**The task**
Exclude all images and print the entries below exactly.

##############################

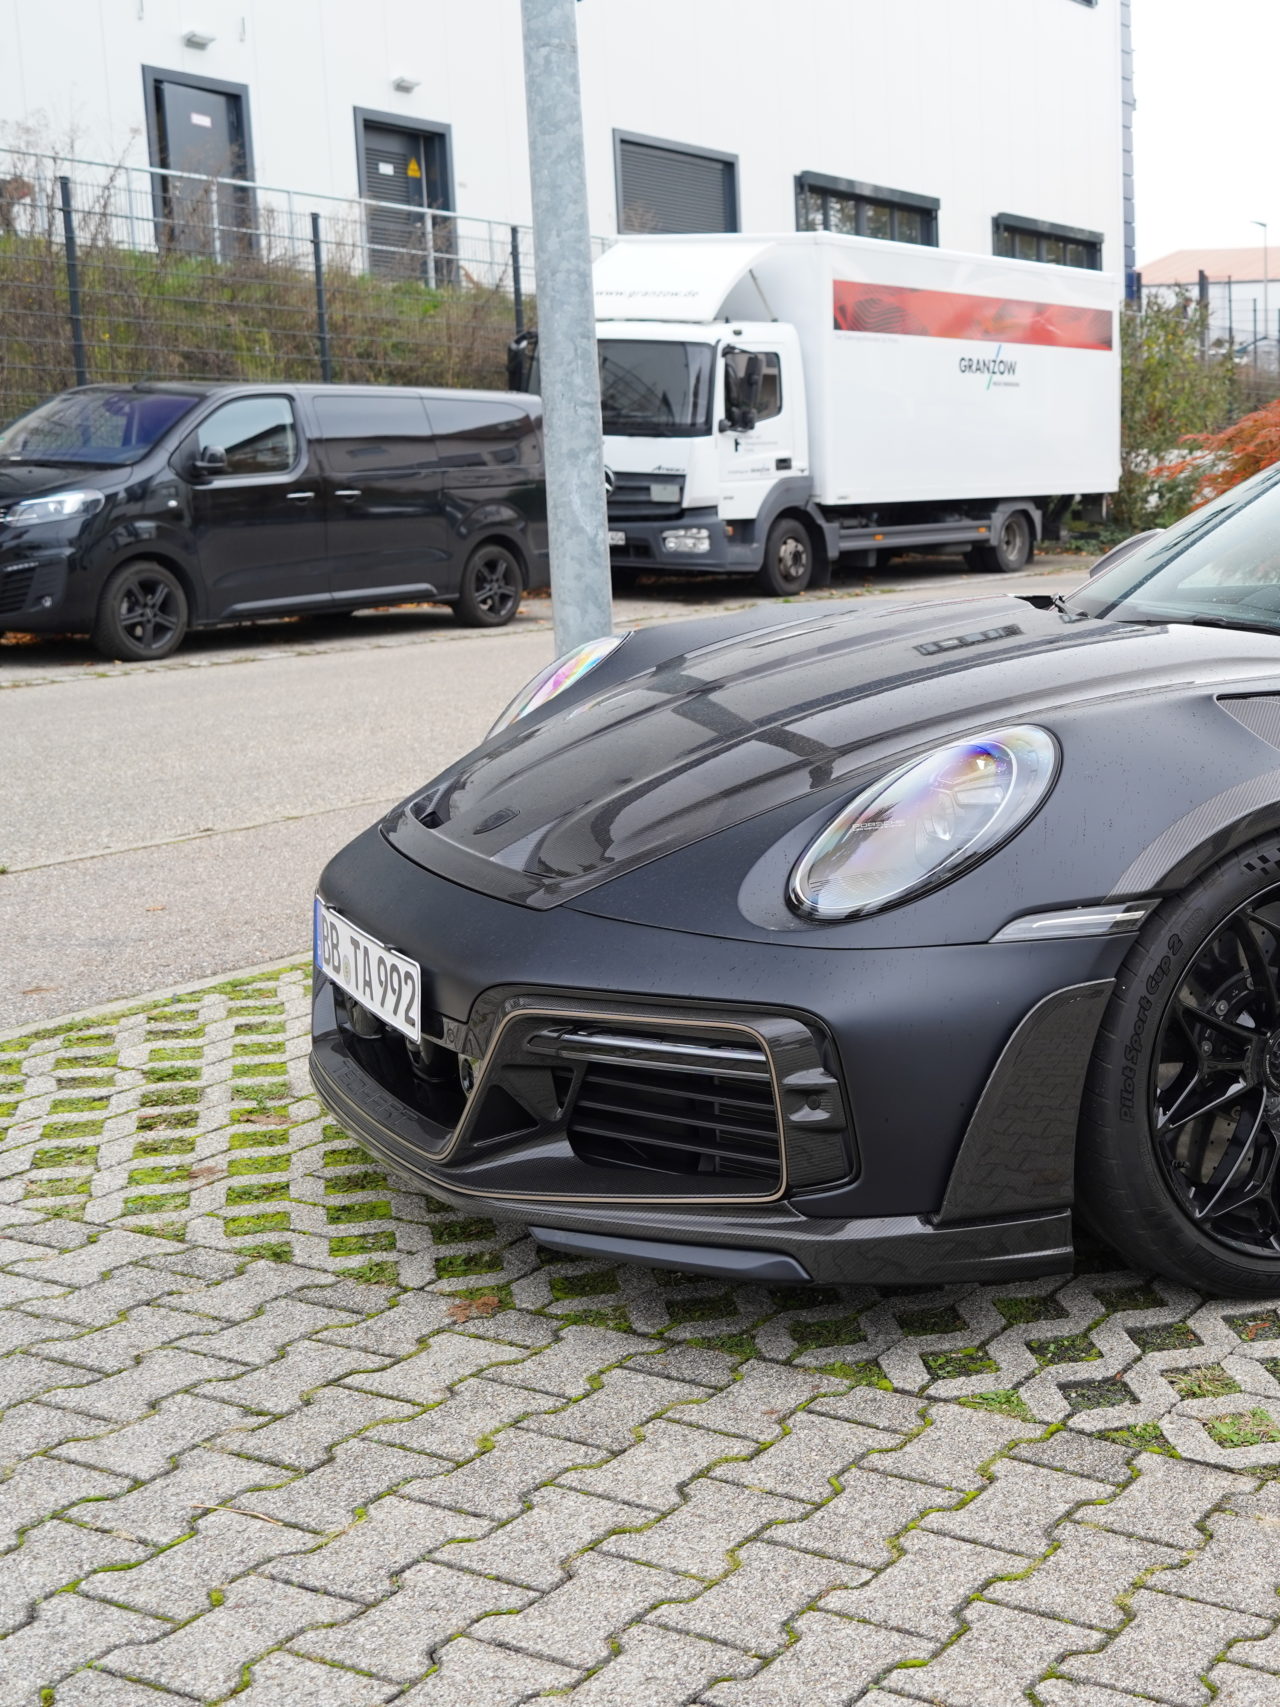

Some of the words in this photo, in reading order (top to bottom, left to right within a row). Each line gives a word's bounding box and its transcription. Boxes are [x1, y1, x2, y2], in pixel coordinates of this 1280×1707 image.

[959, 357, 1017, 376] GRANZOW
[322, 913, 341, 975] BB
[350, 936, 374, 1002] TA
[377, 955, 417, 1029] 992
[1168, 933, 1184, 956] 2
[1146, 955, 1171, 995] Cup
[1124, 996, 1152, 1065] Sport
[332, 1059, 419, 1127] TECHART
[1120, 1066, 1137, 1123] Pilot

##############################

**Task solution**
Some of the words in this photo, in reading order (top to bottom, left to right within a row). Each line gives a word's bounding box and its transcription. Boxes are [x1, y1, x2, y2], in pixel coordinates of this 1280×1707 image.

[959, 357, 1017, 376] GRANZOW
[322, 913, 341, 975] BB
[350, 936, 374, 1002] TA
[377, 955, 417, 1029] 992
[1168, 933, 1184, 956] 2
[1146, 955, 1171, 995] Cup
[1124, 996, 1152, 1065] Sport
[332, 1059, 419, 1127] TECHART
[1120, 1066, 1137, 1123] Pilot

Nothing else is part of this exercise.